··· Listed records ···
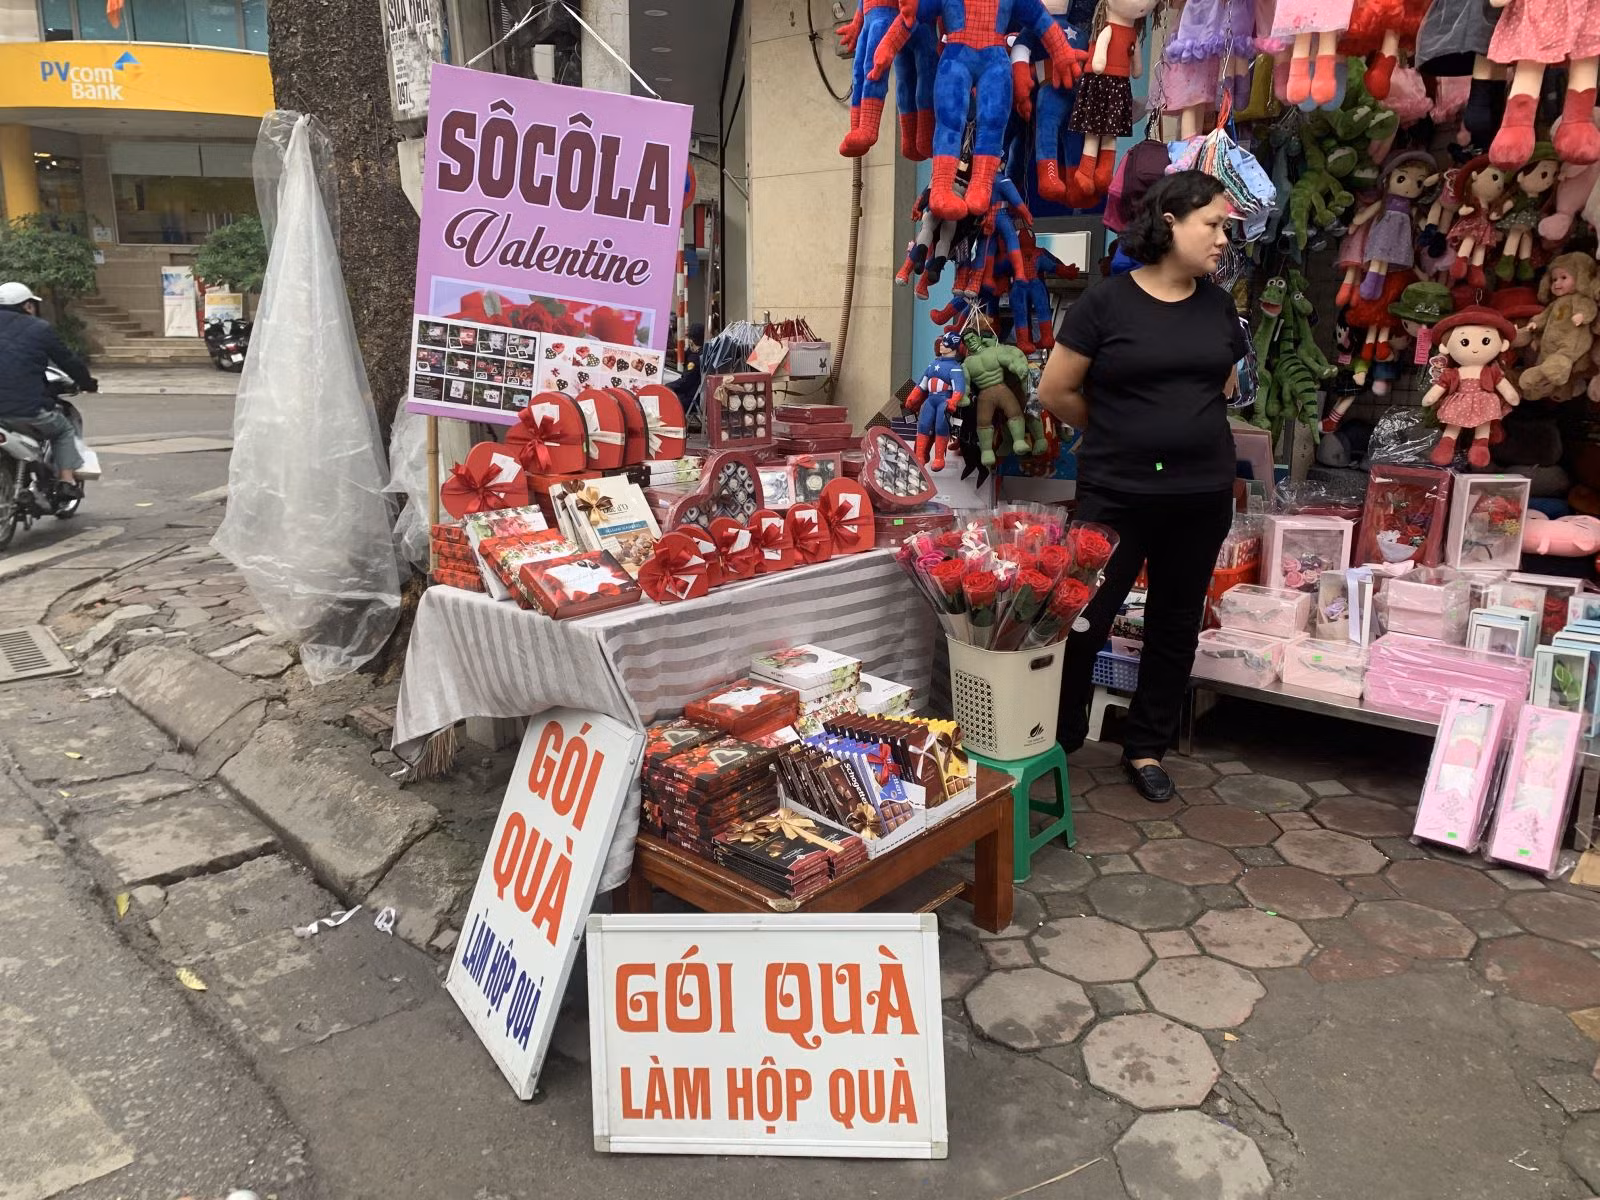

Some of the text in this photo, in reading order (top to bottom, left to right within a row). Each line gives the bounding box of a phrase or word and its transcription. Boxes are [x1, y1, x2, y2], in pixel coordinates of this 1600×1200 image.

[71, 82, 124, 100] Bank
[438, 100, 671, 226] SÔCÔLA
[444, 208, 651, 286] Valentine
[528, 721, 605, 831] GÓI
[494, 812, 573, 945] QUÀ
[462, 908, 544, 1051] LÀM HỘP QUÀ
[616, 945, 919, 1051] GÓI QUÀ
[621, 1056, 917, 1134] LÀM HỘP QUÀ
···
(Activity) Transcribe the data verbatim. No picture belongs in the result.

(Solution for this exercise)
Some of the text in this photo, in reading order (top to bottom, left to right within a row). Each line gives the bounding box of a phrase or word and its transcription. Boxes are [x1, y1, x2, y2], in pixel coordinates of this 1600×1200 image.

[71, 82, 124, 100] Bank
[438, 100, 671, 226] SÔCÔLA
[444, 208, 651, 286] Valentine
[528, 721, 605, 831] GÓI
[494, 812, 573, 945] QUÀ
[462, 908, 544, 1051] LÀM HỘP QUÀ
[616, 945, 919, 1051] GÓI QUÀ
[621, 1056, 917, 1134] LÀM HỘP QUÀ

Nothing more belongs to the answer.